This is the mail archive of the
mailing list for the GCC project.
Re: Signed int overflow behaviour in the security context
Andreas Bogk <firstname.lastname@example.org> writes:
> Then maybe it shouldn't be the default in autoconf. But wasn't -O3 the
> set of optimizations considered potentially unsafe?
No. -O3 is a set of optimizations which are useful for many program
but which will cause a substantial number of programs to run slower.
-O2 is a set of optimizations which we believe will make (almost) all
programs run faster. -O1 also makes (almost) all programs run faster.
The difference between -O1 and -O2 is that it takes longer to run the
compiler with -O2.
gcc never enables unsafe optimizations except by explicit request via
-f options (e.g., -ffast-math), where "unsafe" is defined as
"violating the language standard."
I want to note, as others have done, that gcc has exploited the notion
of strict signed overflow for a long time, even at -O0. For example,
for a long time gcc has folded "((a * C1) / C2)" to "a * (C1 / C2)"

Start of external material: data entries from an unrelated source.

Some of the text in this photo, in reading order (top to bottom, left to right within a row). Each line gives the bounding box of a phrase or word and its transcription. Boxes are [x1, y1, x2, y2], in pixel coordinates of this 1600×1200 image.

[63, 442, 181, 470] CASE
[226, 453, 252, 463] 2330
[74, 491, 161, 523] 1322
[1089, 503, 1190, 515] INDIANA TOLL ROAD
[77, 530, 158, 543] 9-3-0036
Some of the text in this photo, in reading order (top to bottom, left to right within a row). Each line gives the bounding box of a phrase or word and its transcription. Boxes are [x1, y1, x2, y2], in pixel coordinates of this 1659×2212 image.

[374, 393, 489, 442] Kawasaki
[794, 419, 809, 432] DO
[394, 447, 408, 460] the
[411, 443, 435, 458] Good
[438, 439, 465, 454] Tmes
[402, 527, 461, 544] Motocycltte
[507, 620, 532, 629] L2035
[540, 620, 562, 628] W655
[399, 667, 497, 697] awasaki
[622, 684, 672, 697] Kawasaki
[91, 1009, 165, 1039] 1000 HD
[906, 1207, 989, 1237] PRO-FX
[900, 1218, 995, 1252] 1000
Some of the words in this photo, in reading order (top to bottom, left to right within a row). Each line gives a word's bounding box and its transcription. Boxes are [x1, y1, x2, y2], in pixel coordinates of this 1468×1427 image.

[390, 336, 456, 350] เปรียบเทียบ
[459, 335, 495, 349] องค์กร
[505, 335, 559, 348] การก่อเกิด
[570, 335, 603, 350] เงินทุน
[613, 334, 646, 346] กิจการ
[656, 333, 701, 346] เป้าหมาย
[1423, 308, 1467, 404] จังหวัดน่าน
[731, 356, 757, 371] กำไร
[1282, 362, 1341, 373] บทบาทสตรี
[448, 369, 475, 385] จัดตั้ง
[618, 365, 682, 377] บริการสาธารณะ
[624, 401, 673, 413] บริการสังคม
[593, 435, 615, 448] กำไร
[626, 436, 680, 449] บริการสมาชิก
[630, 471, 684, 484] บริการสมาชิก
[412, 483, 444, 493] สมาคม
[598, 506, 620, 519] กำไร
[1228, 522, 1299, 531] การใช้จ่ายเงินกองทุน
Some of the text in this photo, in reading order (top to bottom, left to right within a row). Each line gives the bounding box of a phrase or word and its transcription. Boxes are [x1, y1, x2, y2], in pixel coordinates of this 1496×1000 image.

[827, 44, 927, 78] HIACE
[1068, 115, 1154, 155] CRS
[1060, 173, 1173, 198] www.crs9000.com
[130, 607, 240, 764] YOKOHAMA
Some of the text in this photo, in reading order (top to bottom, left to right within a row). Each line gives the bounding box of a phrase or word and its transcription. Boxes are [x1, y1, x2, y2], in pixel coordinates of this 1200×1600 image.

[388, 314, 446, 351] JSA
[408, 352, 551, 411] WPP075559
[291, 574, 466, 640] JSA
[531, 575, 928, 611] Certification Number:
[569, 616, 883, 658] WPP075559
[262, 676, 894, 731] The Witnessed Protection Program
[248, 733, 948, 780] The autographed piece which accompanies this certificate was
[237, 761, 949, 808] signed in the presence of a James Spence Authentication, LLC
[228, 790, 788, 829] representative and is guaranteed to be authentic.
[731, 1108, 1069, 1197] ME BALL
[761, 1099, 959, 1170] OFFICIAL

where C1 % C2 == 0. This was done even in gcc 2.95.3. This
transformation took place even at -O0. This transformation is only
valid if signed overflow is undefined.
So, as a concept, gcc relying on undefined signed overflow is not
new. And yet people are still able to write programs.
Rather than prohibit signed overflow, it would be more useful to talk
about specific optimizations which seem risky.